В то же время бурную радость Сары можно было вполне логично объяснить тем, что она не ожидала увидеть Тео так скоро. Тем не менее, для меня было большим облегчением заметить, что, когда Тео удалось наконец освободиться от объятий Сары, лицо его не выражало ничего, кроме радости встречи со старым другом.
Зато слова приветствия, последовавшие за этим, как и подобает истинному джентльмену с Юга, были произнесены с почти нарочитой церемонностью:
– Сара! Какое счастье вновь видеть тебя! Позволю себе заметить, ты все так же ослепительно красива.

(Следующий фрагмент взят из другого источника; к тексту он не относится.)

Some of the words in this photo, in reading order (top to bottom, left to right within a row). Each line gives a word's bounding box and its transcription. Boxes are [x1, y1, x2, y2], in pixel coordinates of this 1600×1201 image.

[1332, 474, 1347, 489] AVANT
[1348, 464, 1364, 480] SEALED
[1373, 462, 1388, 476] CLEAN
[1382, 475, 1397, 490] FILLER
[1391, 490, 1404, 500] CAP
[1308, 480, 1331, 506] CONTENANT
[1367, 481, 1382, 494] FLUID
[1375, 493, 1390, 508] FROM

– Фи, какая бесстыдная лесть! – лукаво усмехнулась она, склонив голову и кокетливо глядя на него из-под полуопущенных ресниц.

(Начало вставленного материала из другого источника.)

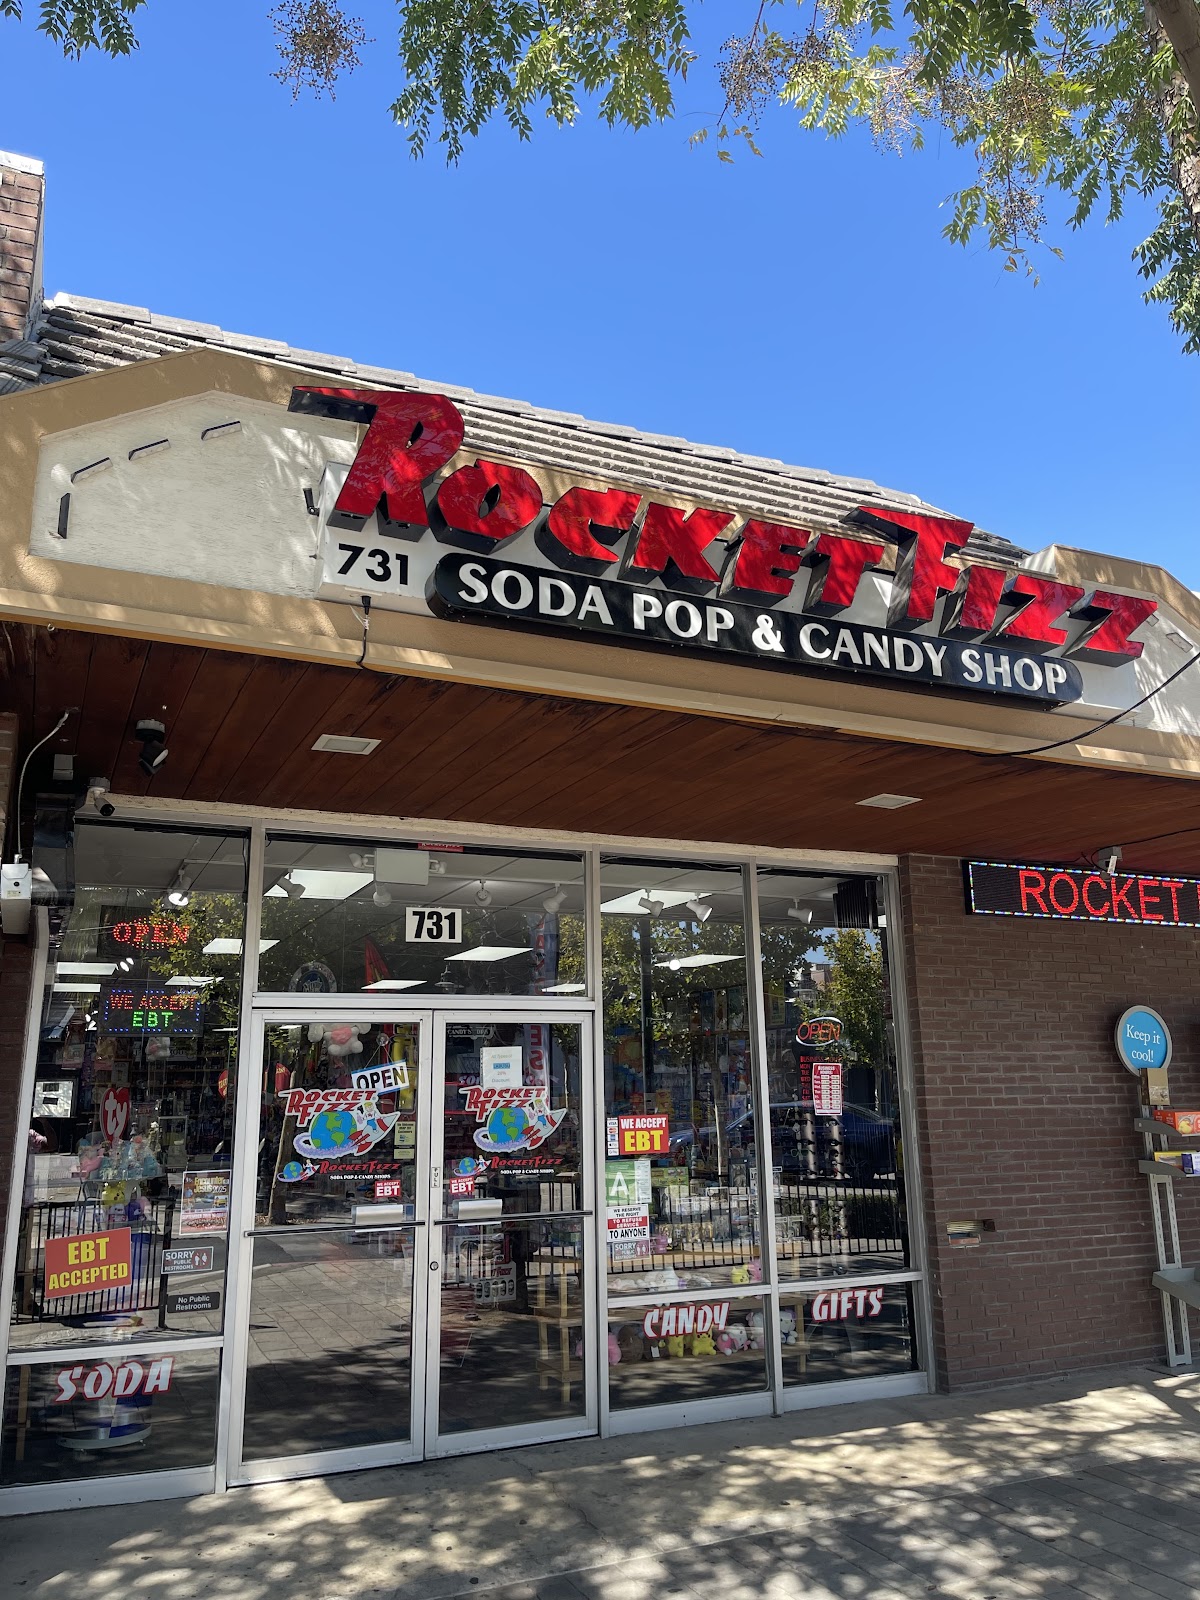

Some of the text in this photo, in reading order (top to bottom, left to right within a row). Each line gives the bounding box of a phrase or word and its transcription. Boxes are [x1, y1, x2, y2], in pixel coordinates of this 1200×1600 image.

[290, 386, 1159, 657] ROCKET FIZZ
[336, 543, 409, 586] 731
[457, 562, 1068, 695] SODA POP & CANDY SHOP
[1018, 869, 1184, 921] ROCKET
[112, 921, 190, 944] OPEN
[411, 910, 456, 940] 731
[110, 995, 198, 1010] WE ACCEPT
[132, 1012, 174, 1028] EBT
[797, 1023, 841, 1041] OPEN
[1125, 1024, 1161, 1046] Keep it
[1131, 1049, 1154, 1063] cool!
[356, 1063, 408, 1089] OPEN
[287, 1089, 377, 1113] ROCKET
[467, 1087, 546, 1109] ROCKET
[477, 1099, 532, 1120] FIZZ
[299, 1102, 360, 1125] FIZZ
[620, 1117, 667, 1129] WE ACCEPT
[624, 1129, 664, 1152] EBT
[376, 1185, 400, 1197] EBT
[451, 1182, 474, 1194] EBT
[609, 1171, 630, 1197] A
[609, 1227, 647, 1239] TO ANYONE
[67, 1237, 110, 1266] EBT
[165, 1250, 195, 1260] SORRY
[614, 1242, 637, 1250] SORRY
[48, 1261, 129, 1290] ACCEPTED
[175, 1302, 211, 1311] Restrooms
[178, 1295, 210, 1304] No Public
[811, 1287, 885, 1322] GIFTS
[642, 1301, 731, 1338] CANDY
[55, 1355, 176, 1404] SODA

– Ты прекрасно знаешь, что я говорю совершенно искренне, – сказал Тео в ответ. – И так же хорошо знаешь, что сказанное мною – правда. Несмотря на все, что тебе пришлось пережить, ты не утратила ни малейшей доли своего очарования.
– И ты ничуть не изменился, – сказала она с шутливой усмешкой. – Передо мной все тот же суровый и неприступный Тео.

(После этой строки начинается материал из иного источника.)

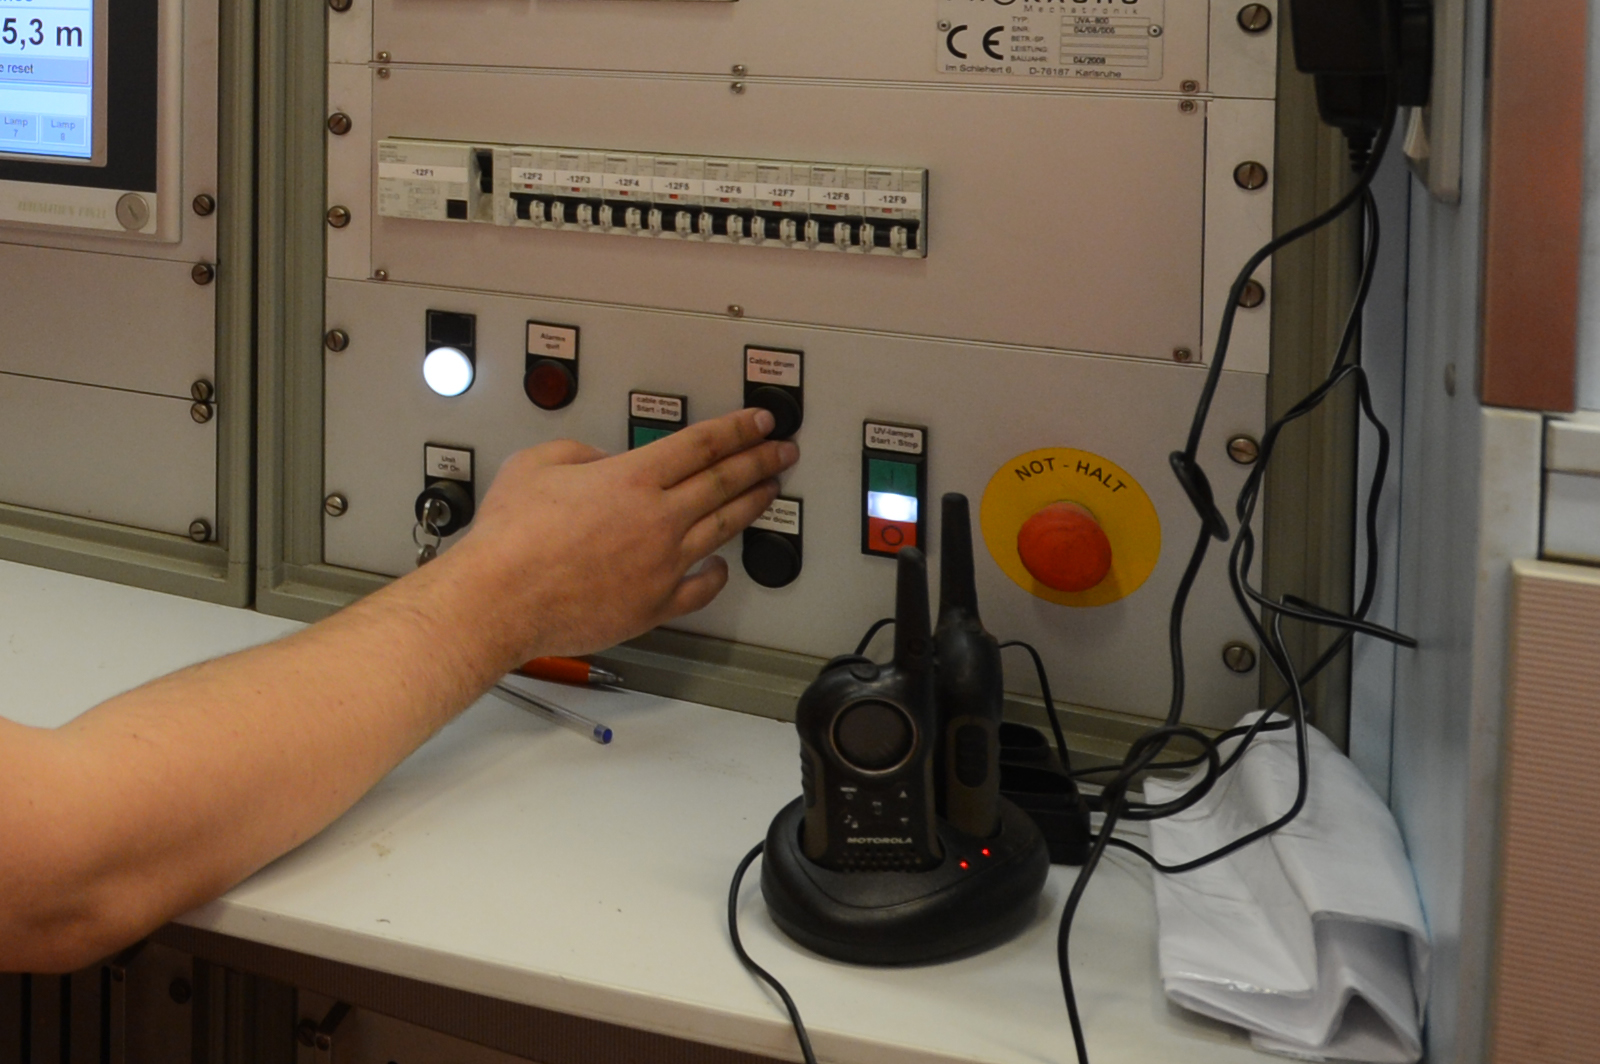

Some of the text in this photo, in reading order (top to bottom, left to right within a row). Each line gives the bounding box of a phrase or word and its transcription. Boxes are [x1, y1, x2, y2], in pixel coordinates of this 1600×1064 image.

[1023, 5, 1139, 14] Mechatronik
[55, 24, 83, 47] m
[7, 62, 34, 74] reset
[1029, 67, 1069, 75] D-76187
[1075, 68, 1122, 78] Karlsruhe
[4, 115, 28, 128] Lamp
[50, 118, 76, 131] Lamp
[519, 172, 543, 181] -12F2
[768, 188, 795, 197] -12F7
[878, 195, 907, 204] -12F9
[870, 435, 890, 445] Start
[898, 439, 918, 449] Stop
[1014, 457, 1056, 481] NOT
[1075, 460, 1127, 493] HALT
[847, 836, 913, 844] MOTOROLA

– Но кое-кому удалось-таки победить мою суровость, – ответил он с хитрой улыбкой. – Вот, познакомься: это Нэнси, моя жена.
Он нежно обнял меня за плечи, и я почувствовала тепло, которое излучал его любящий взгляд.
– Дорогая, это мисс Сара Ситон, – отрекомендовал он. – Надеюсь, вы станете лучшими подругами.
– Рада познакомиться, – сказала я, приветливо улыбнувшись.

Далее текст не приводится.